Leaves of the Arabidopsis ecotype Col release a mixture of volatiles containing the C16-homoterpene TMTT, the sesquiterpene (E,E)-α-farnesene, and the monoterpene β-myrcene in an induced response to herbivory, elicitor treatment, and the application of jasmonic acid or jasmonate mimics (van Poecke et al., 2001; Chen et al., 2003; Herde et al., 2008; Huang et al., 2010; Snoeren et al., 2010). AtTPS04 (At1g61120) catalyzes the formation of (E,E)-geranyllinalool as the first dedicated step in the biosynthesis of TMTT (Herde et al., 2008; Lee et al., 2010), while (E,E)-α-farnesene and β-myrcene are produced by the (E,E)-α-farnesene synthase AtTPS03 and presumably the β-myrcene/ocimene synthase AtTPS10, respectively (Bohlmann et al., 2000; Huang et al., 2010). Both AtTPS03 and AtTPS04 genes are induced locally at wound sites (Herde et al., 2008; Huang et al., 2010) (Figure 3c). The herbivore-induced volatile mixture was shown to attract parasitoids of herbivores (van Poecke et al., 2001; Loivamäki et al., 2008) and contributes to increased plant fitness (van Loon et al., 2000).
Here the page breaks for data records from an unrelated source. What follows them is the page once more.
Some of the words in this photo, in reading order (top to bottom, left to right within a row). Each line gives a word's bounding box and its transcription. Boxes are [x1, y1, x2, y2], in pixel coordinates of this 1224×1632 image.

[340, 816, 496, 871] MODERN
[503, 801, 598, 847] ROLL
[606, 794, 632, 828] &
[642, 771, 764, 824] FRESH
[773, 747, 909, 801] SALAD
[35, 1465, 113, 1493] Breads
Parasitoid attraction varies depending on the volatile blend emitted from different Arabidopsis ecotypes (Snoeren et al., 2010). For example, the ecotypes Col and Ws differ in their emission of (E)-β-ocimene, and this difference is due to a mutation that inactivates the (E)-β-ocimene-producing AtTPS02 in the Col ecotype (Huang et al., 2010).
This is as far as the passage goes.